> _TASK TO COMPLETE_
Below are records to write out again, exactly as they read.

____ INPUT

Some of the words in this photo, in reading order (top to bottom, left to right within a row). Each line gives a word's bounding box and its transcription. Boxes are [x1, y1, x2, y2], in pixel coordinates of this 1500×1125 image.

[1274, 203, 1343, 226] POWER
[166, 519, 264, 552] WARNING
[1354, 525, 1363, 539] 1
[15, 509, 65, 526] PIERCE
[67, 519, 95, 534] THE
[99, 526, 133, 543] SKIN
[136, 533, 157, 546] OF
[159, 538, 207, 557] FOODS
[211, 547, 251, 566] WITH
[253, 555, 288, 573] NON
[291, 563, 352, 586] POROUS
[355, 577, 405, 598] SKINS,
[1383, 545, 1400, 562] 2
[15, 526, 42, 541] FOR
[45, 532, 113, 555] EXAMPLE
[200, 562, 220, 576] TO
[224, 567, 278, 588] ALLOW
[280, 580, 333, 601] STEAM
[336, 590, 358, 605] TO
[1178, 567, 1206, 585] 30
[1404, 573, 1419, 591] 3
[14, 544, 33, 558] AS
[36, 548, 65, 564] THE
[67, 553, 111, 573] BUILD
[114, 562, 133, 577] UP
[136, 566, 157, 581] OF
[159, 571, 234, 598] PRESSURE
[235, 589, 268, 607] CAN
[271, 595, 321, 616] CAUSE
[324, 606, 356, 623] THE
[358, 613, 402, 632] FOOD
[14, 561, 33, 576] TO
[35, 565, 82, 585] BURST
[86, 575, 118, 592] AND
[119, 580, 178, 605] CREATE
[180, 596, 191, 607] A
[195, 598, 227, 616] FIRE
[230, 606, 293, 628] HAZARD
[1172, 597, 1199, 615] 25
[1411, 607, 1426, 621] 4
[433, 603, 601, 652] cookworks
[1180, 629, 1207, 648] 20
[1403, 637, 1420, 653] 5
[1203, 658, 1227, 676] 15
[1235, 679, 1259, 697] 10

________

> _ANSWER FOR THE TASK_
Some of the words in this photo, in reading order (top to bottom, left to right within a row). Each line gives a word's bounding box and its transcription. Boxes are [x1, y1, x2, y2], in pixel coordinates of this 1500×1125 image.

[1274, 203, 1343, 226] POWER
[166, 519, 264, 552] WARNING
[1354, 525, 1363, 539] 1
[15, 509, 65, 526] PIERCE
[67, 519, 95, 534] THE
[99, 526, 133, 543] SKIN
[136, 533, 157, 546] OF
[159, 538, 207, 557] FOODS
[211, 547, 251, 566] WITH
[253, 555, 288, 573] NON
[291, 563, 352, 586] POROUS
[355, 577, 405, 598] SKINS,
[1383, 545, 1400, 562] 2
[15, 526, 42, 541] FOR
[45, 532, 113, 555] EXAMPLE
[200, 562, 220, 576] TO
[224, 567, 278, 588] ALLOW
[280, 580, 333, 601] STEAM
[336, 590, 358, 605] TO
[1178, 567, 1206, 585] 30
[1404, 573, 1419, 591] 3
[14, 544, 33, 558] AS
[36, 548, 65, 564] THE
[67, 553, 111, 573] BUILD
[114, 562, 133, 577] UP
[136, 566, 157, 581] OF
[159, 571, 234, 598] PRESSURE
[235, 589, 268, 607] CAN
[271, 595, 321, 616] CAUSE
[324, 606, 356, 623] THE
[358, 613, 402, 632] FOOD
[14, 561, 33, 576] TO
[35, 565, 82, 585] BURST
[86, 575, 118, 592] AND
[119, 580, 178, 605] CREATE
[180, 596, 191, 607] A
[195, 598, 227, 616] FIRE
[230, 606, 293, 628] HAZARD
[1172, 597, 1199, 615] 25
[1411, 607, 1426, 621] 4
[433, 603, 601, 652] cookworks
[1180, 629, 1207, 648] 20
[1403, 637, 1420, 653] 5
[1203, 658, 1227, 676] 15
[1235, 679, 1259, 697] 10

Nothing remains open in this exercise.